(Source material):
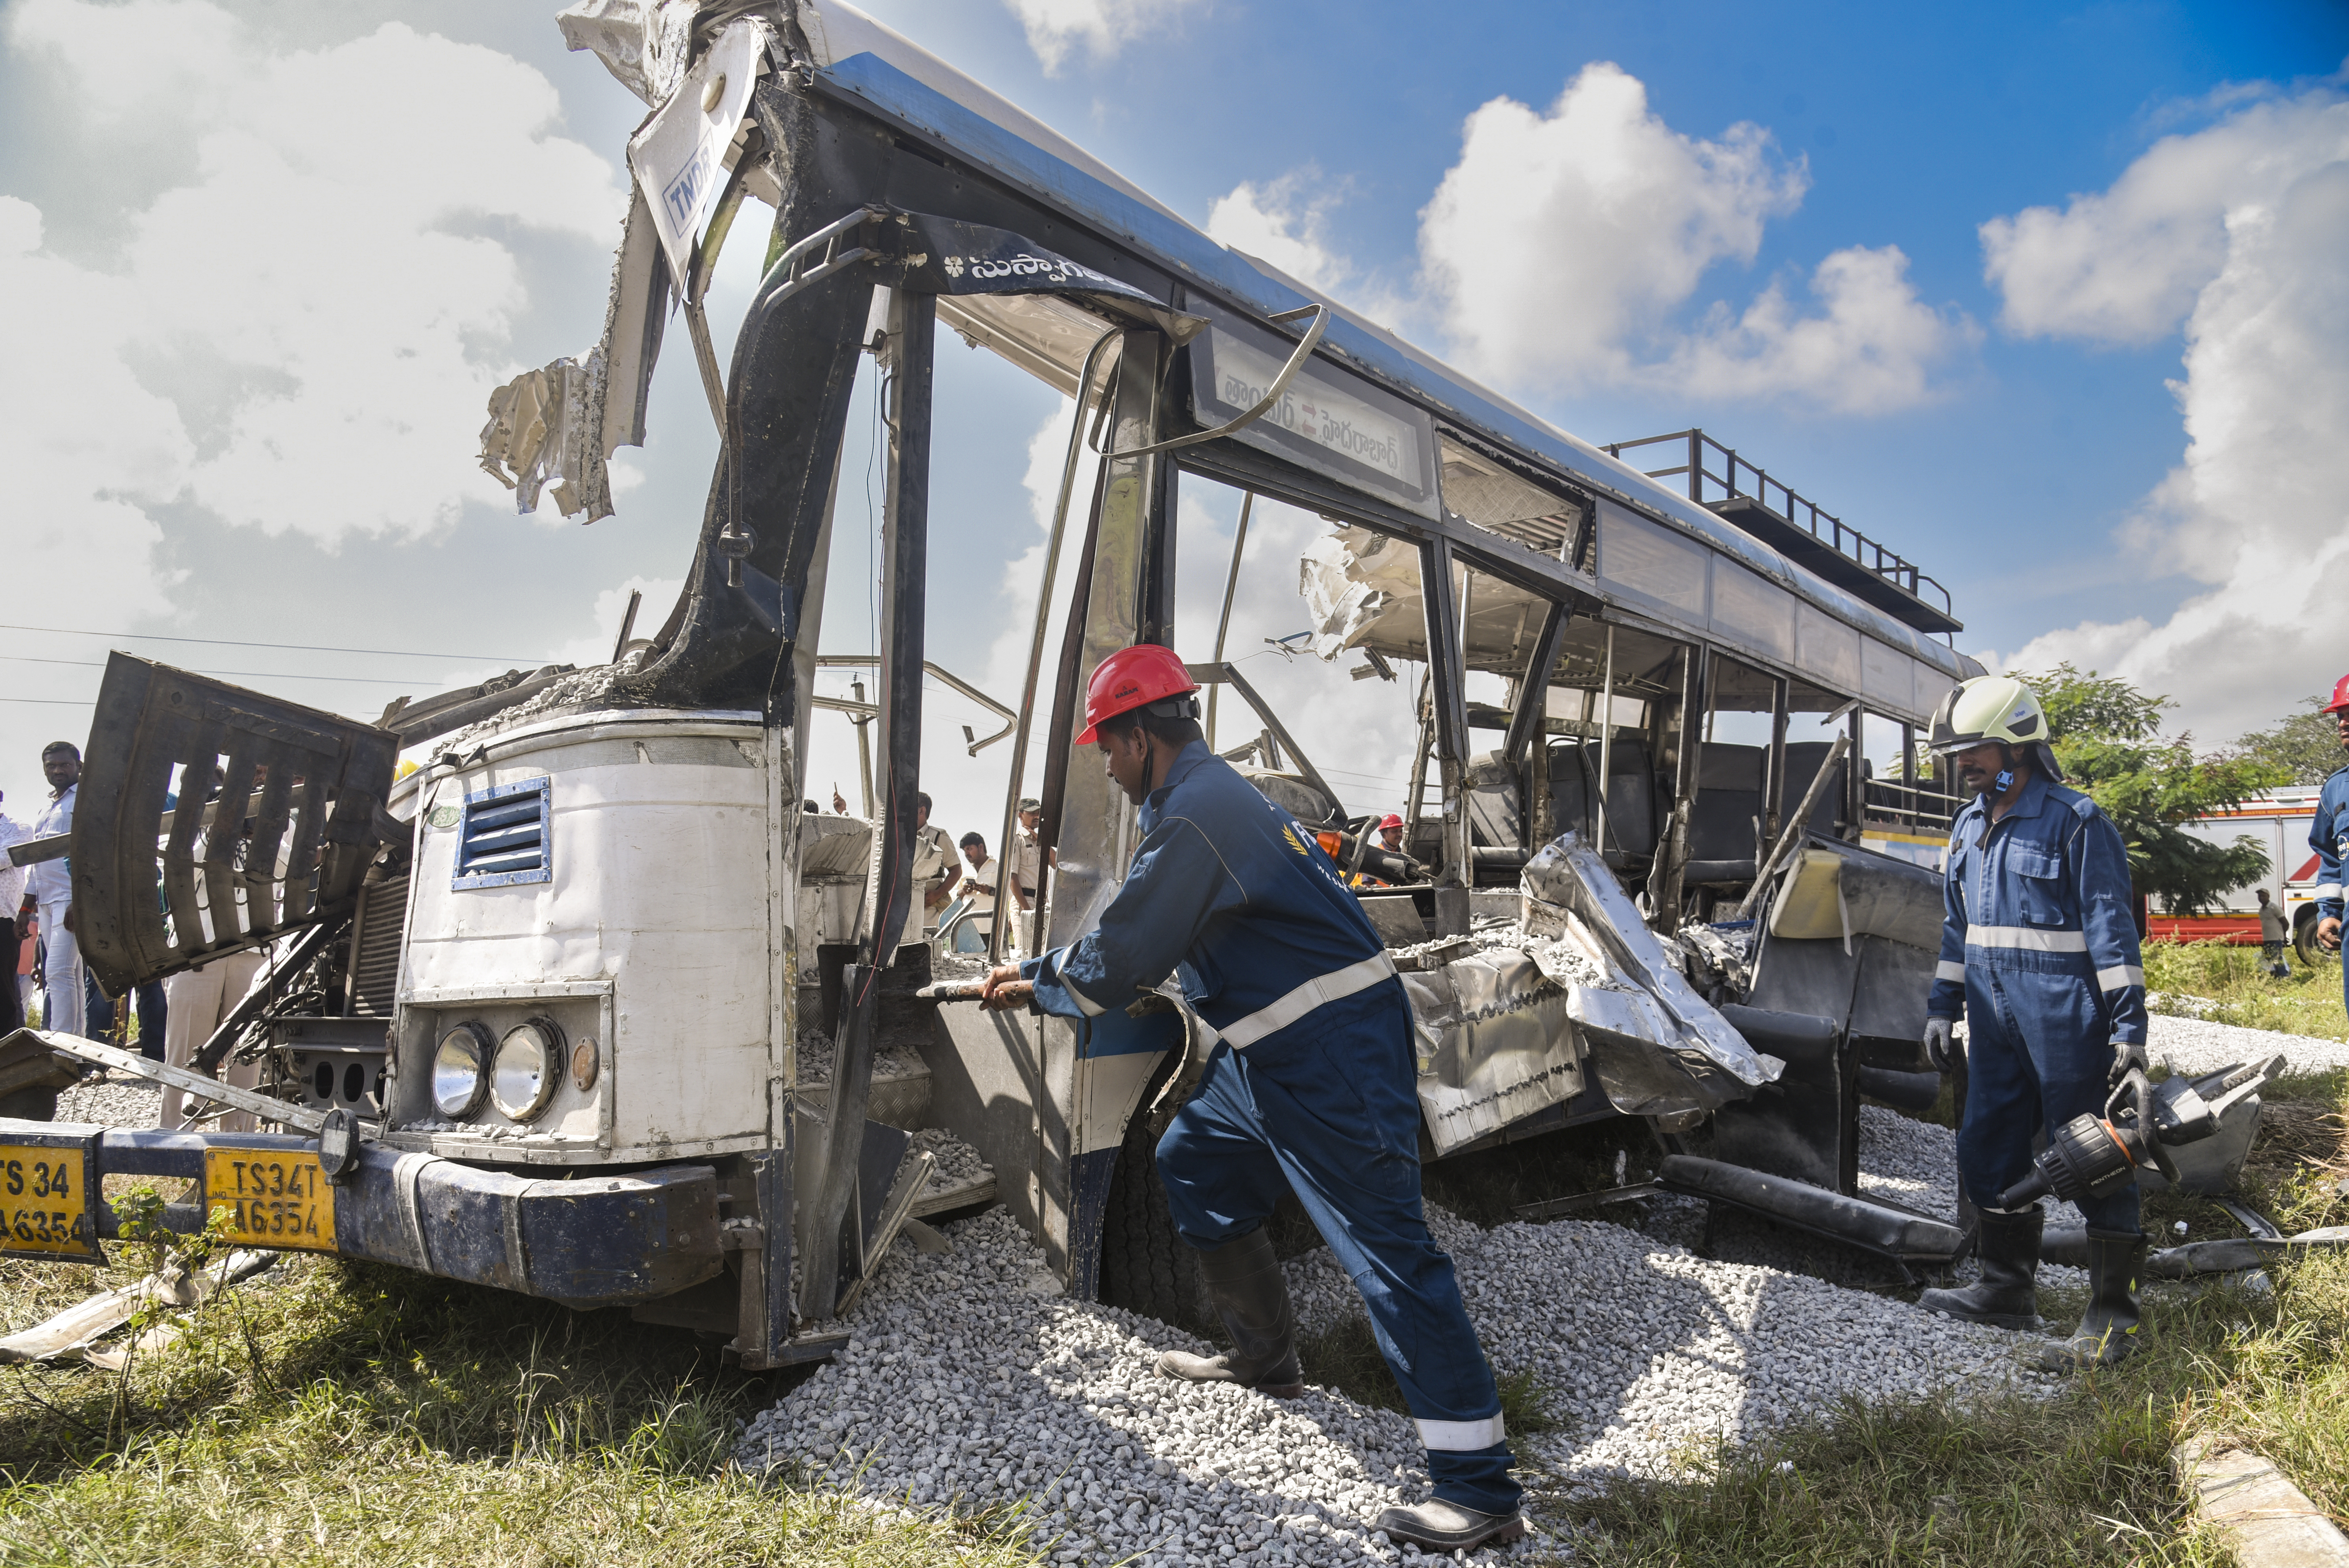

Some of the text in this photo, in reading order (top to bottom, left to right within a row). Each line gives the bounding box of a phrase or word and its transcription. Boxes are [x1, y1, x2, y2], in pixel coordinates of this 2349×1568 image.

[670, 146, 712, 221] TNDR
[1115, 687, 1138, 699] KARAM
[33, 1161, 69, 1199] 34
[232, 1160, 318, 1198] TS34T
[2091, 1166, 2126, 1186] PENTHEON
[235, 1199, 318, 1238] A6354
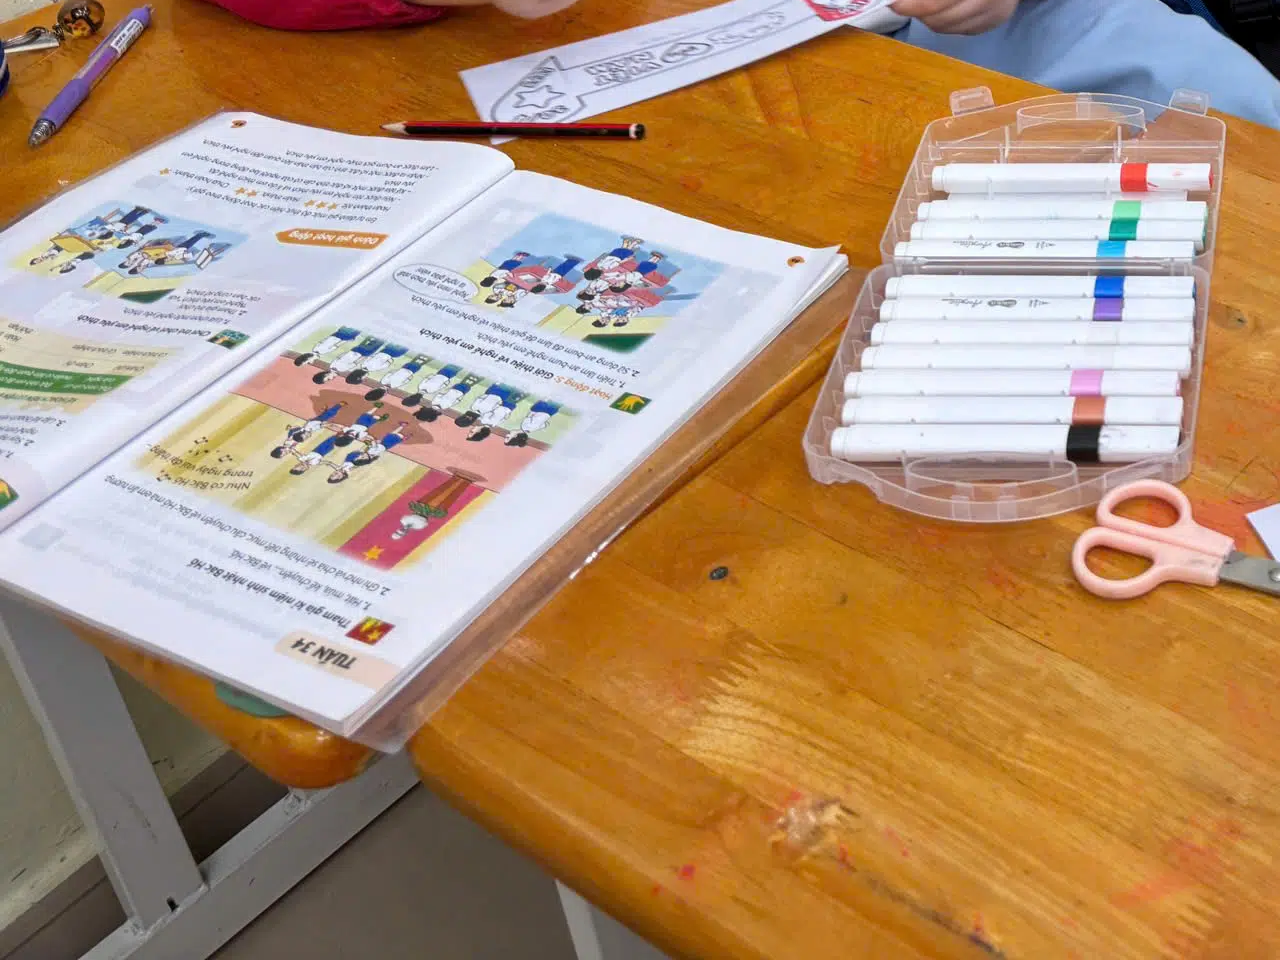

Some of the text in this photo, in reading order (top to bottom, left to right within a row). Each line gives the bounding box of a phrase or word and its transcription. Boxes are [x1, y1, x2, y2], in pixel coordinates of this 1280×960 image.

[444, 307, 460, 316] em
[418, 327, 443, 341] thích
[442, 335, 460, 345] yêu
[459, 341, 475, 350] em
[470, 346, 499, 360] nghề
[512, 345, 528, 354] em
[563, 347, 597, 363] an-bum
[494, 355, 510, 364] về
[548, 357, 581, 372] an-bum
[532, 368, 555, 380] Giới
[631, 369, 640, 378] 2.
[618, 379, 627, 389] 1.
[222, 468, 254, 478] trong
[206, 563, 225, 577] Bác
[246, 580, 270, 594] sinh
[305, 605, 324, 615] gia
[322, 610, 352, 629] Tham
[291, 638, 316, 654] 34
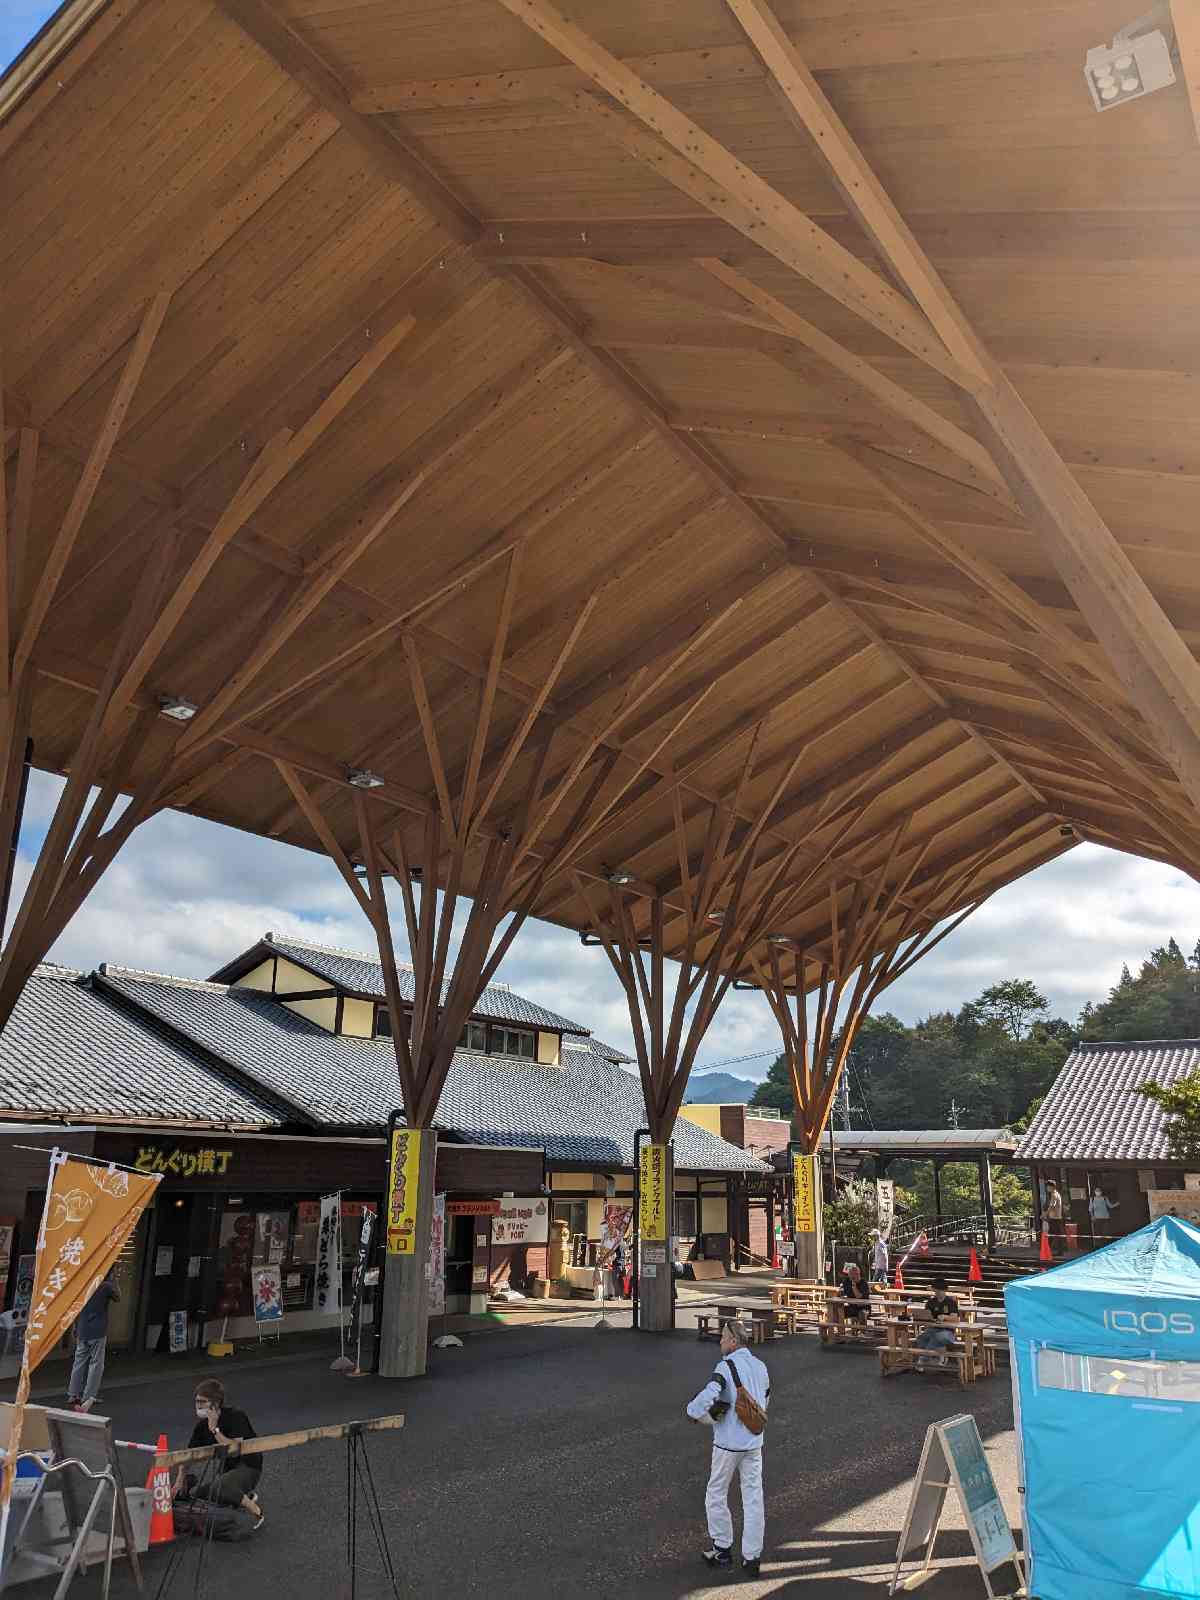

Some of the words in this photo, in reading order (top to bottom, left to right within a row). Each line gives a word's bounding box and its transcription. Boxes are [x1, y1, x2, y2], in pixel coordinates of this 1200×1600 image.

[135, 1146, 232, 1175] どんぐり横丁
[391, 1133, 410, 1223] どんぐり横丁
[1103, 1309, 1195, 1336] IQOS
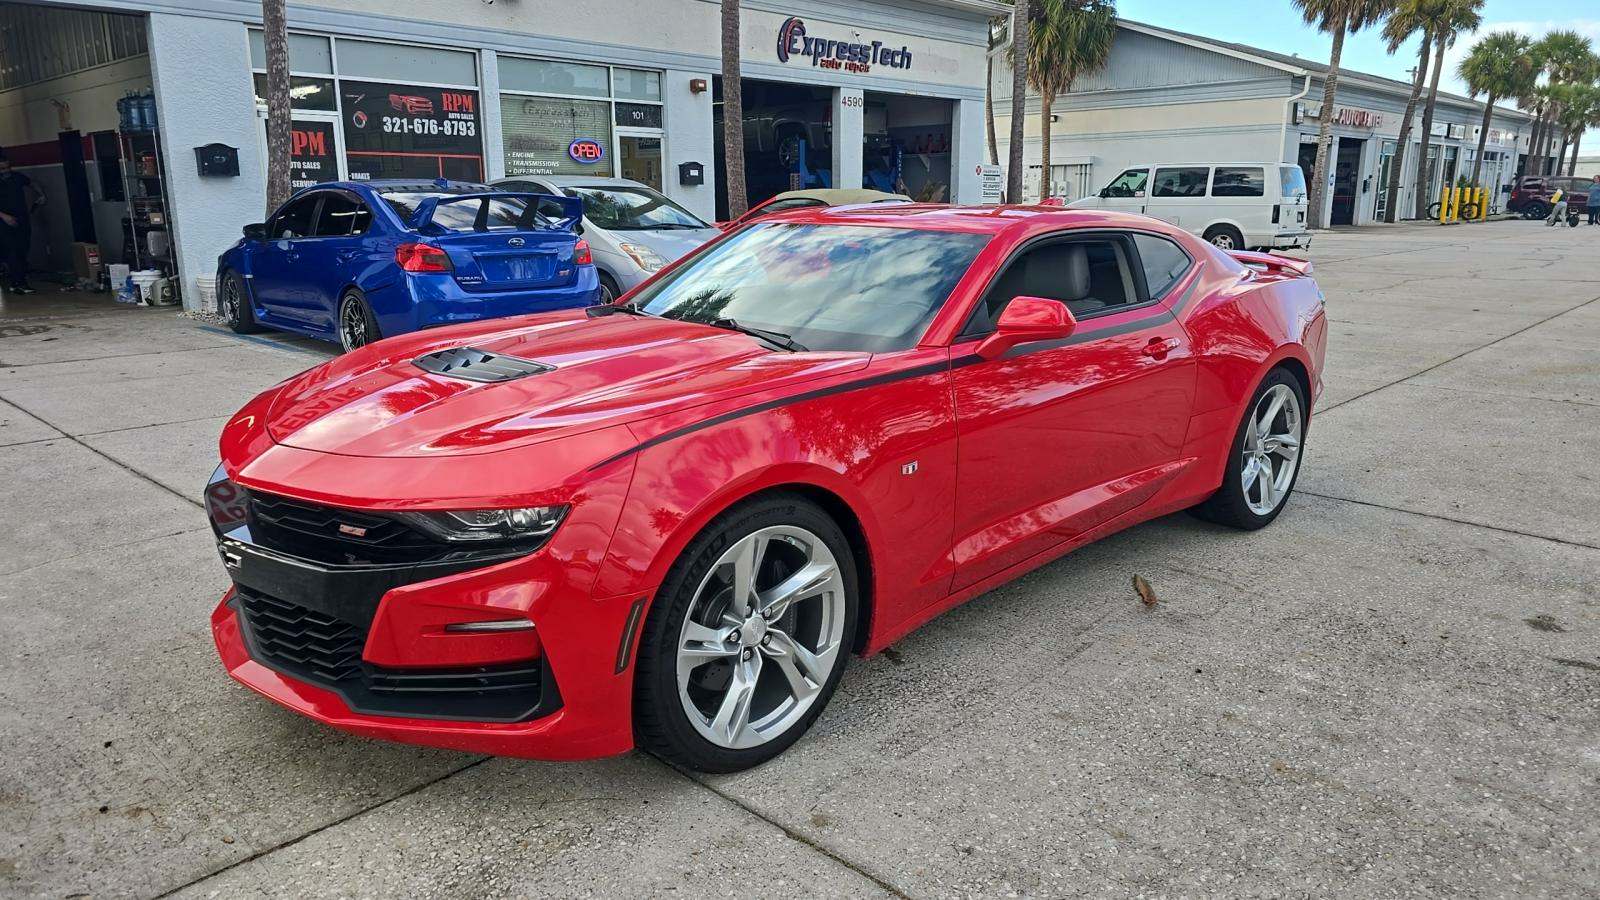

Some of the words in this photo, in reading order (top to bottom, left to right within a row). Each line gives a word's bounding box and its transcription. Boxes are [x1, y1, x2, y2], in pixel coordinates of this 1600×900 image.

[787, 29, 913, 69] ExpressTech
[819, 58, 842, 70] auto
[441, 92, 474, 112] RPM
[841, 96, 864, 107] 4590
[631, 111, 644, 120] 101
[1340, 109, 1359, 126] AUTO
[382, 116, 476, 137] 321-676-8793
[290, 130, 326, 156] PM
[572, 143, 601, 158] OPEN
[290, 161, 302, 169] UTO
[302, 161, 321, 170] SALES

(Instructions to follow):
Repeat the data exactly. No pictures should appear.

(Finished exercise):
Some of the text in this photo, in reading order (top to bottom, left to right within a row). Each line gives the bounding box of a phrase or word and its transcription. Boxes are [x1, y1, x2, y2], in pixel coordinates of this 2349×1568 image.

[670, 146, 712, 221] TNDR
[1115, 687, 1138, 699] KARAM
[33, 1161, 69, 1199] 34
[232, 1160, 318, 1198] TS34T
[2091, 1166, 2126, 1186] PENTHEON
[235, 1199, 318, 1238] A6354

Some of the text in this photo, in reading order (top to bottom, left to right within a row). Each line gives the bounding box of a phrase or word and its transcription. Boxes are [x1, y1, x2, y2], in pixel coordinates of this 1280×960 image.

[444, 307, 460, 316] em
[418, 327, 443, 341] thích
[442, 335, 460, 345] yêu
[459, 341, 475, 350] em
[470, 346, 499, 360] nghề
[512, 345, 528, 354] em
[563, 347, 597, 363] an-bum
[494, 355, 510, 364] về
[548, 357, 581, 372] an-bum
[532, 368, 555, 380] Giới
[631, 369, 640, 378] 2.
[618, 379, 627, 389] 1.
[222, 468, 254, 478] trong
[206, 563, 225, 577] Bác
[246, 580, 270, 594] sinh
[305, 605, 324, 615] gia
[322, 610, 352, 629] Tham
[291, 638, 316, 654] 34

Some of the words in this photo, in reading order (top to bottom, left to right within a row). Each line gives a word's bounding box and its transcription. Boxes are [x1, y1, x2, y2], in pixel coordinates of this 1200×1600 image.

[135, 1146, 232, 1175] どんぐり横丁
[391, 1133, 410, 1223] どんぐり横丁
[1103, 1309, 1195, 1336] IQOS

Some of the words in this photo, in reading order (top to bottom, left to right within a row). Each line gives a word's bounding box and its transcription. Boxes are [x1, y1, x2, y2], in pixel coordinates of this 1600×900 image.

[787, 29, 913, 69] ExpressTech
[819, 58, 842, 70] auto
[441, 92, 474, 112] RPM
[841, 96, 864, 107] 4590
[631, 111, 644, 120] 101
[1340, 109, 1359, 126] AUTO
[382, 116, 476, 137] 321-676-8793
[290, 130, 326, 156] PM
[572, 143, 601, 158] OPEN
[290, 161, 302, 169] UTO
[302, 161, 321, 170] SALES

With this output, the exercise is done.